Yogyakarta è una città di Giava, in Indonesia, che si estende su quattordici distretti vicino al monte Merapi e combina edifici tradizionali giavanesi con quartieri urbani più recenti. Le strade alternano mercati affollati, scuole e zone residenziali, attraversate da vicoli stretti e viali principali più ampi.
Dopo il Trattato di Giyanti del 1755, il sultano Hamengkubuwana I fondò la città come sultanato indipendente, separato dagli antichi regni giavanesi. Questa fondazione pose le basi per una regione che ha mantenuto funzioni sia amministrative che cerimoniali fino ad oggi.
Il nome deriva dall'antica città indiana di Ayodhya e rimanda a radici profonde nel retaggio induista e buddista.
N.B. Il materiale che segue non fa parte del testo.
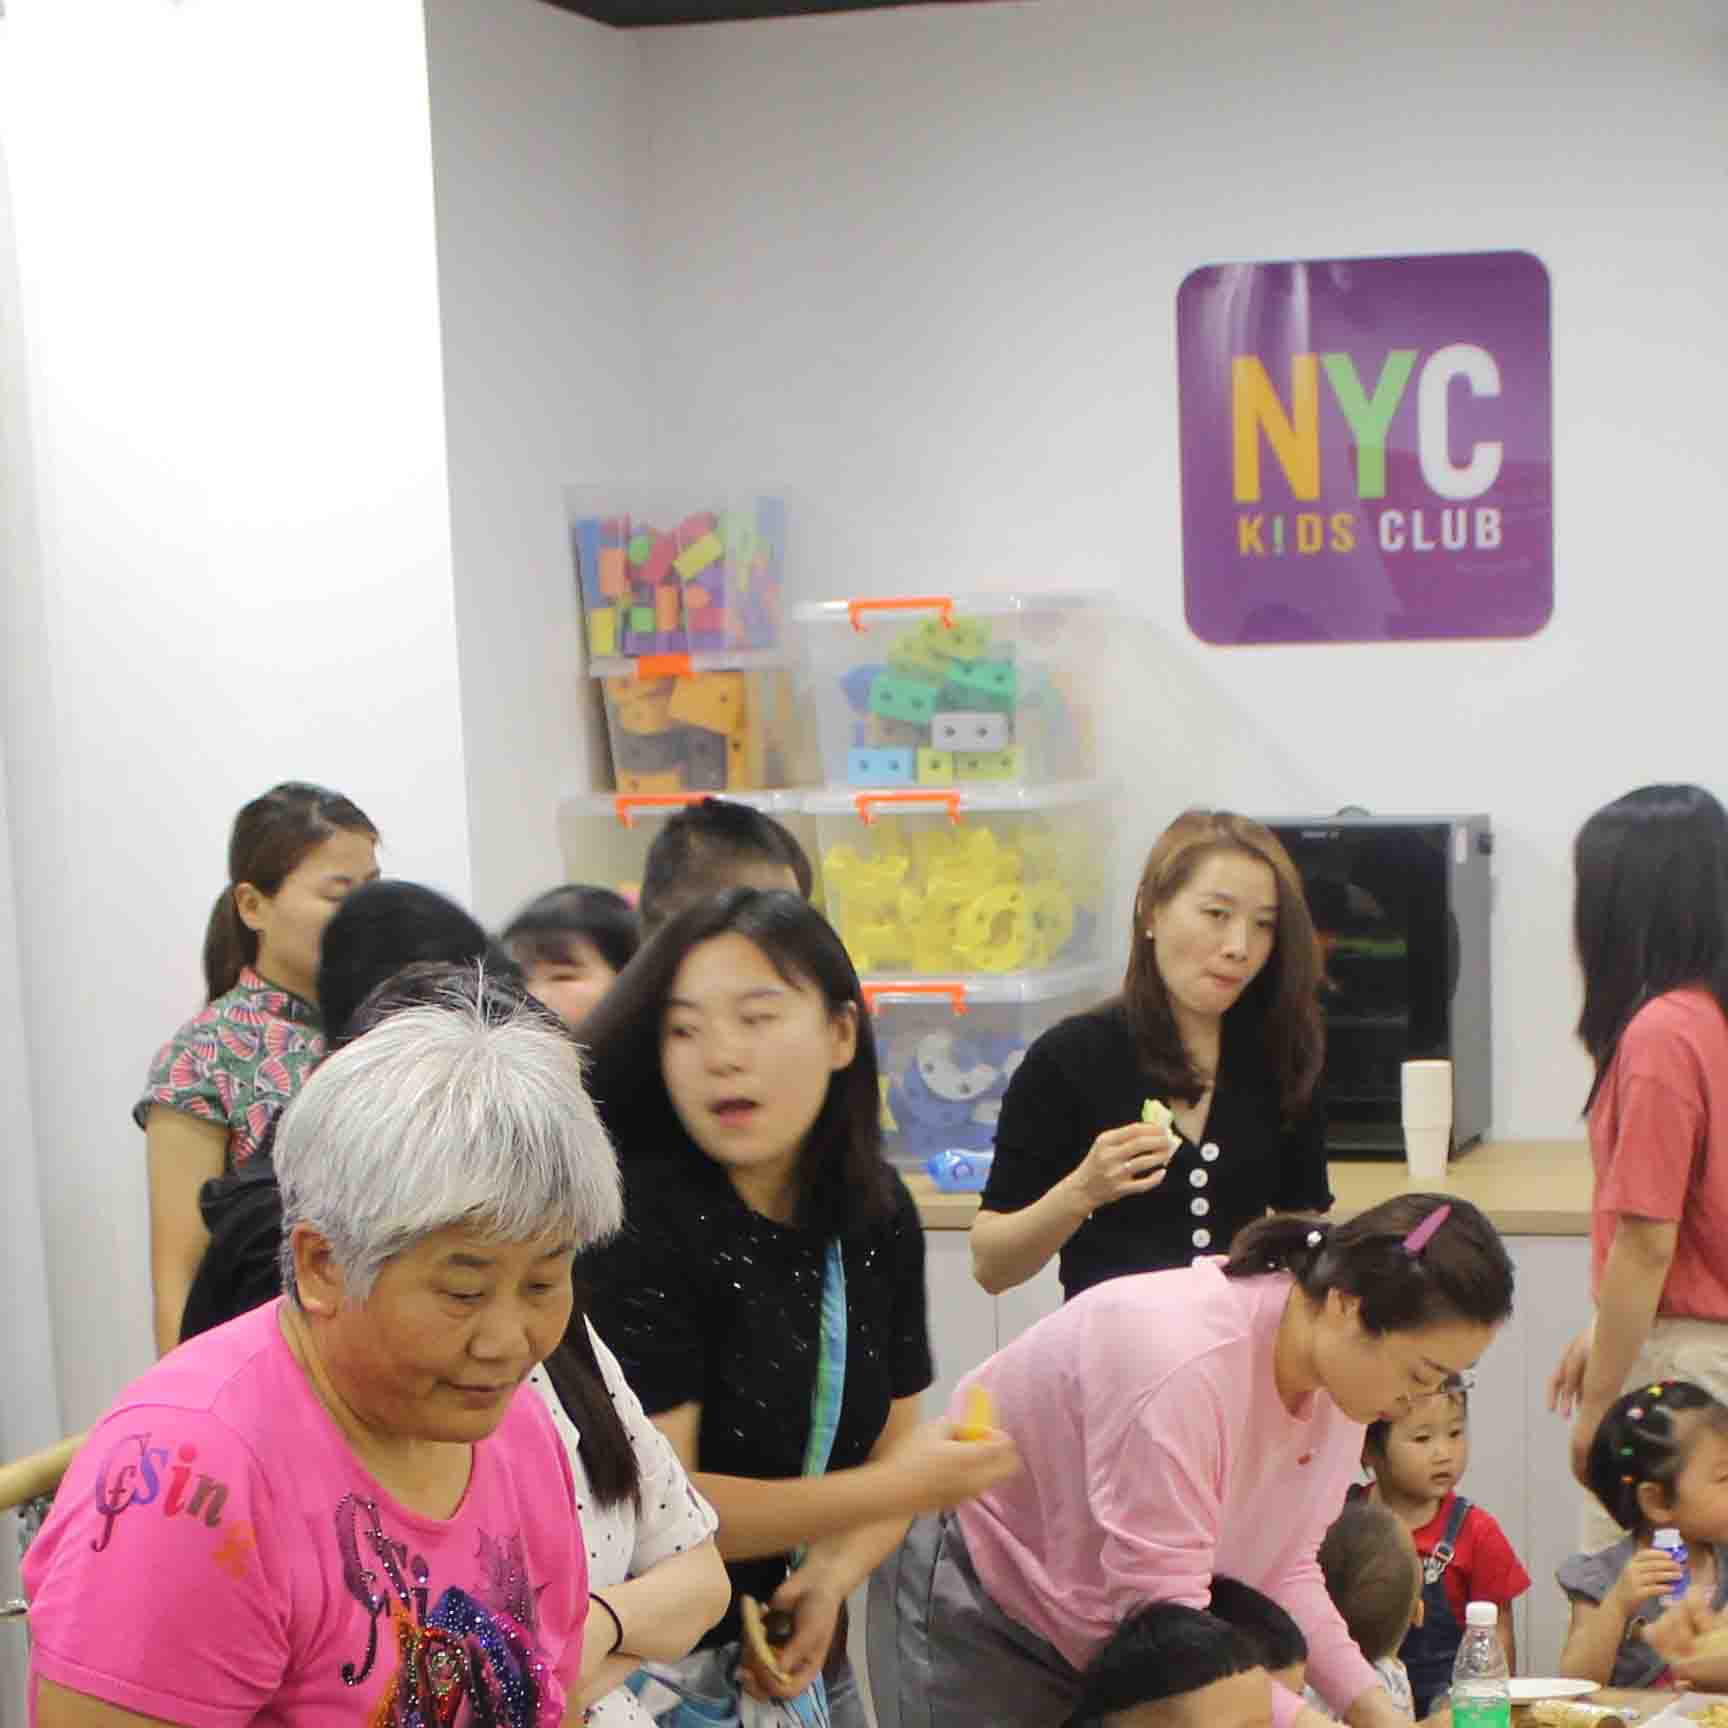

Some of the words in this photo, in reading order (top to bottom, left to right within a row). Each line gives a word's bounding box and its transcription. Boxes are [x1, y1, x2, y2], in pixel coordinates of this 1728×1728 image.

[1231, 343, 1503, 502] NYC
[1237, 512, 1357, 557] KIDS
[1378, 507, 1503, 553] CLUB
I visitatori vivono questo retaggio nelle offerte quotidiane depositate per le strade e nelle orchestre gamelan che suonano durante cerimonie e feste.
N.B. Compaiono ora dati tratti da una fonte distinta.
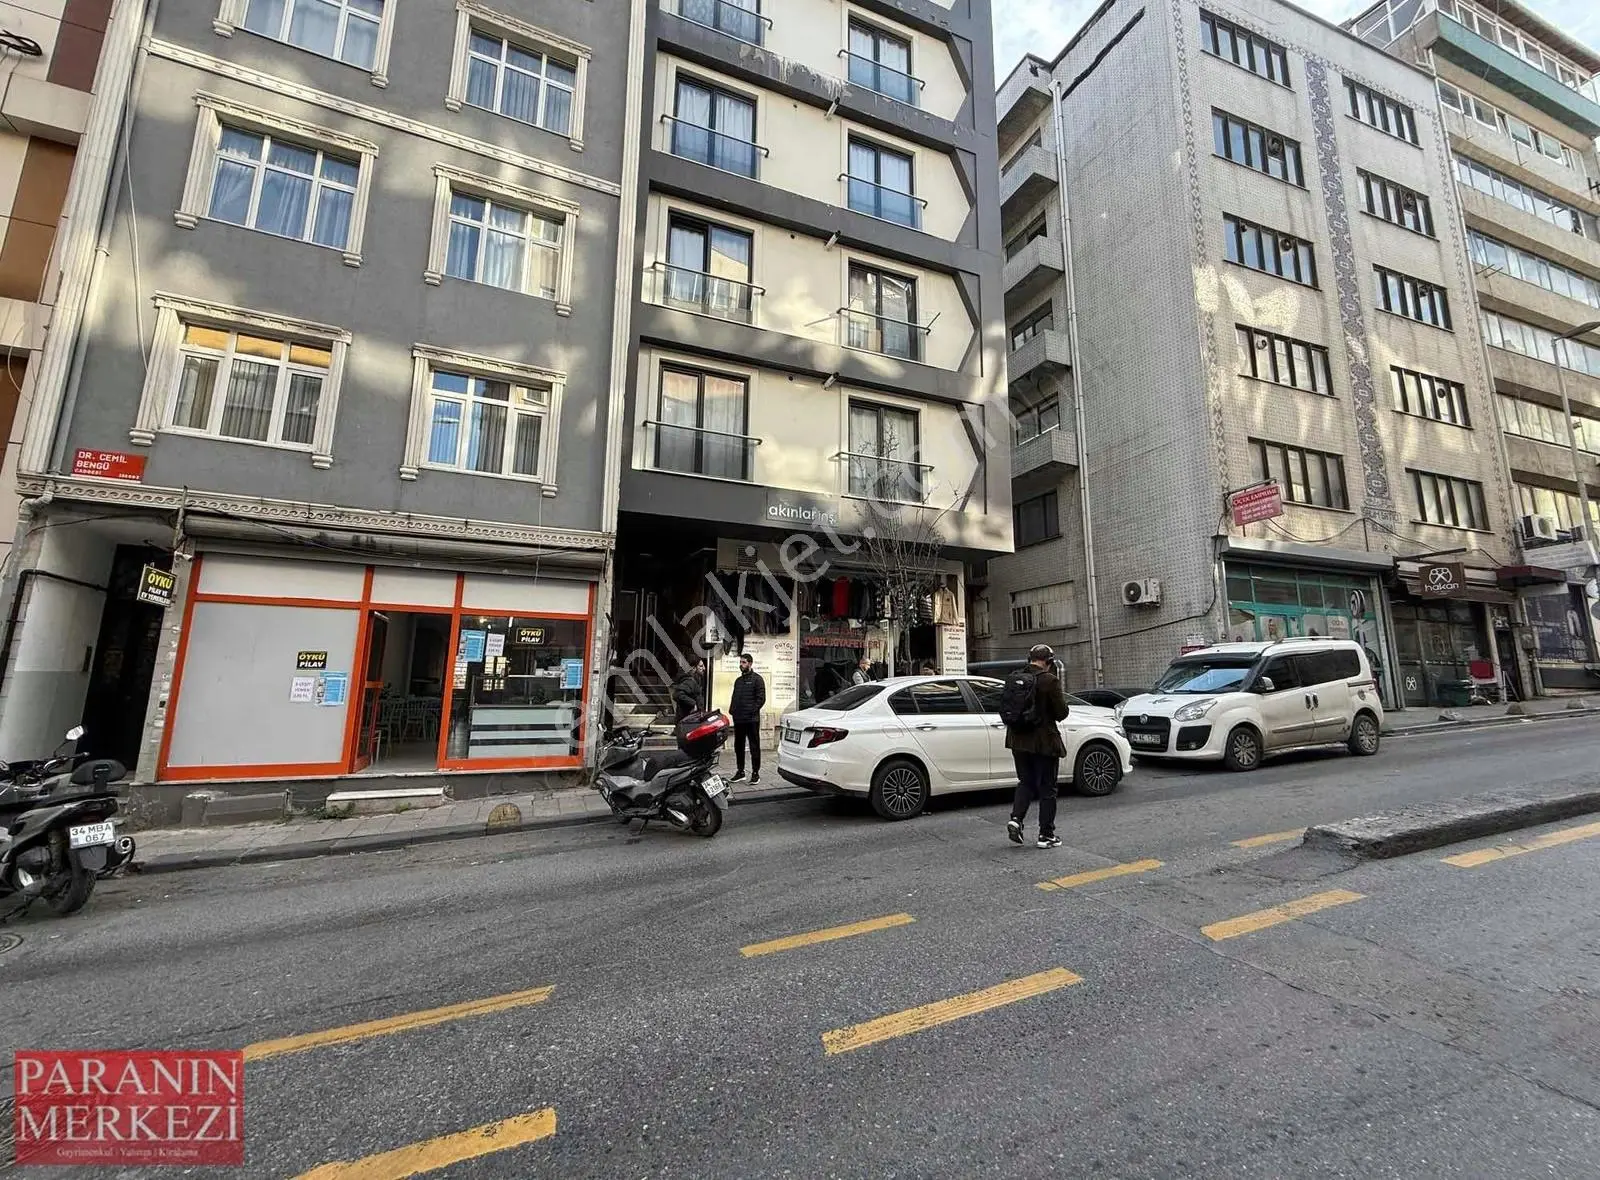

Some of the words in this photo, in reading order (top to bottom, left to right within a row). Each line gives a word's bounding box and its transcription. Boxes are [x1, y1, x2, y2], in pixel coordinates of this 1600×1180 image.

[78, 451, 95, 460] DR.
[99, 453, 127, 464] CEMİL
[76, 460, 110, 470] BENGÜ
[148, 570, 173, 589] ÖYKÜ
[1424, 583, 1459, 592] hakan
[298, 652, 326, 661] ÖYKÜ
[299, 660, 325, 668] PİLAV
[72, 828, 85, 836] 34
[88, 824, 111, 833] MBA
[86, 833, 105, 842] 067
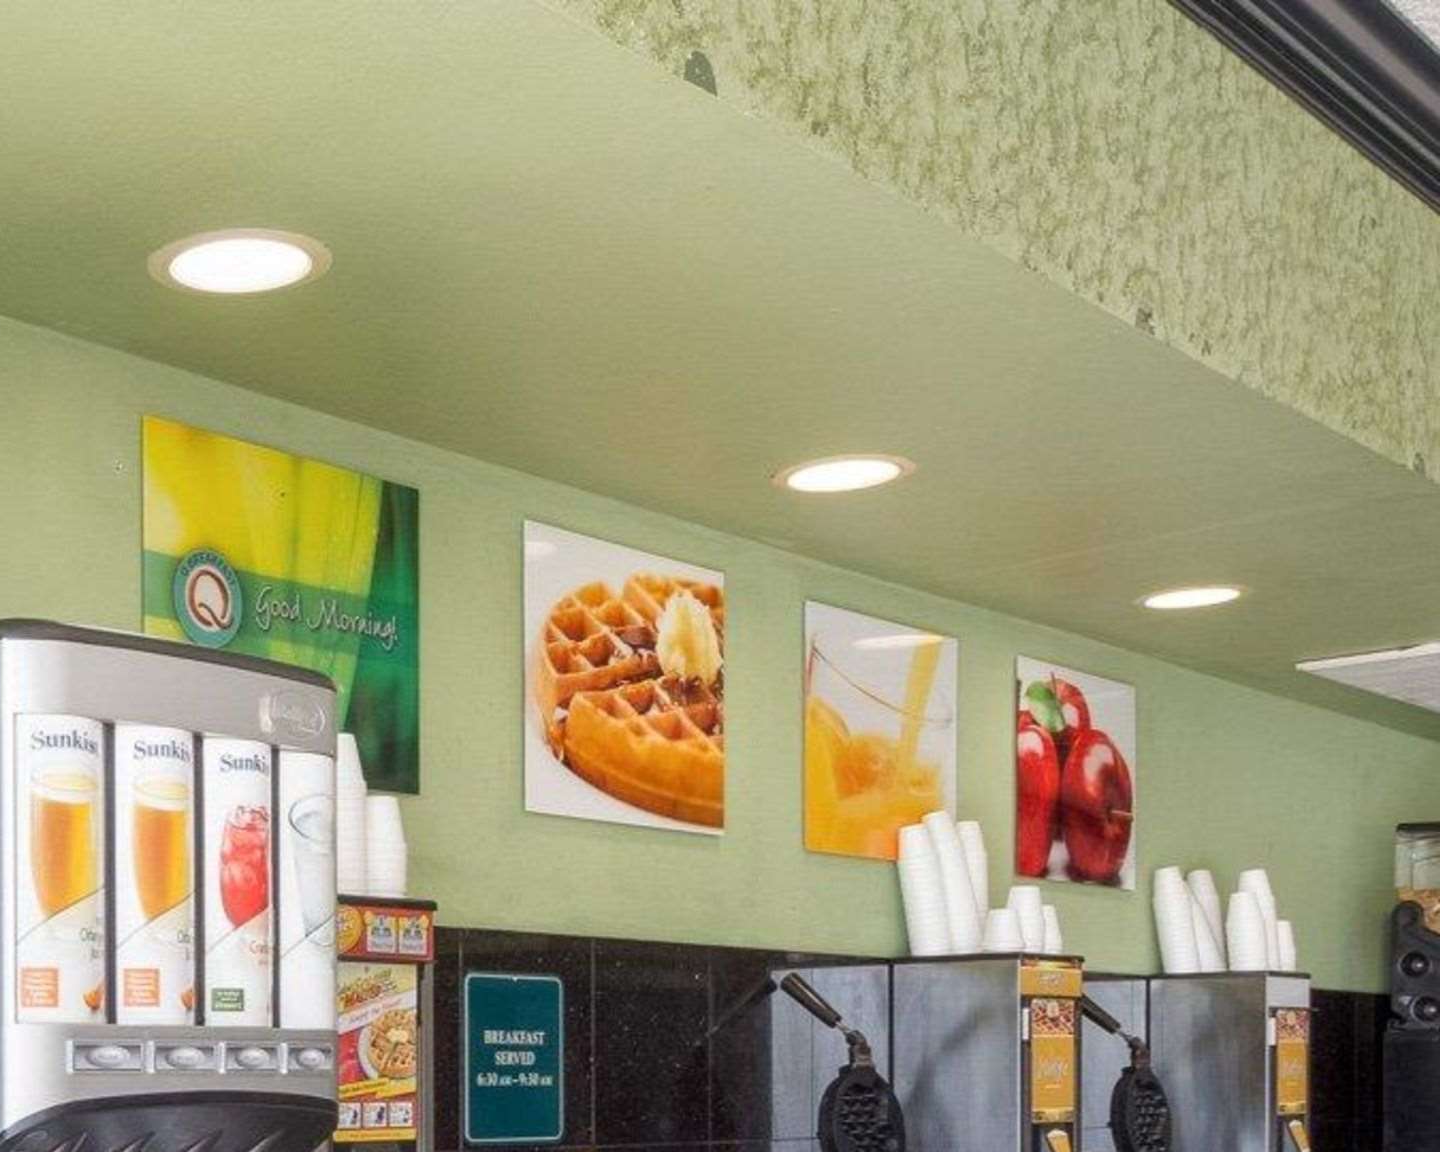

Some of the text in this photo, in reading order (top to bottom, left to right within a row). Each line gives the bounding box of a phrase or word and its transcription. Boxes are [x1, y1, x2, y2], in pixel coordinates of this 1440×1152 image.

[255, 586, 398, 651] Good Morning!
[483, 1030, 545, 1045] BREAKFAST
[494, 1051, 536, 1066] SERVED
La maggior parte dei viaggiatori arriva attraverso l'aeroporto internazionale di Adisucipto, da dove autobus e taxi regolari raggiungono il centro. La città si esplora facilmente a piedi o con biciclette a noleggio, mentre i becak (risciò a pedali) offrono un'alternativa più lenta per distanze brevi.
La città rimane l'unica in Indonesia dove un sultano detiene un potere governativo effettivo e non solo un ruolo cerimoniale. Questa forma di governo combina tradizioni di corte secolari con un'amministrazione comunale moderna che gestisce scuole, strade e servizi pubblici.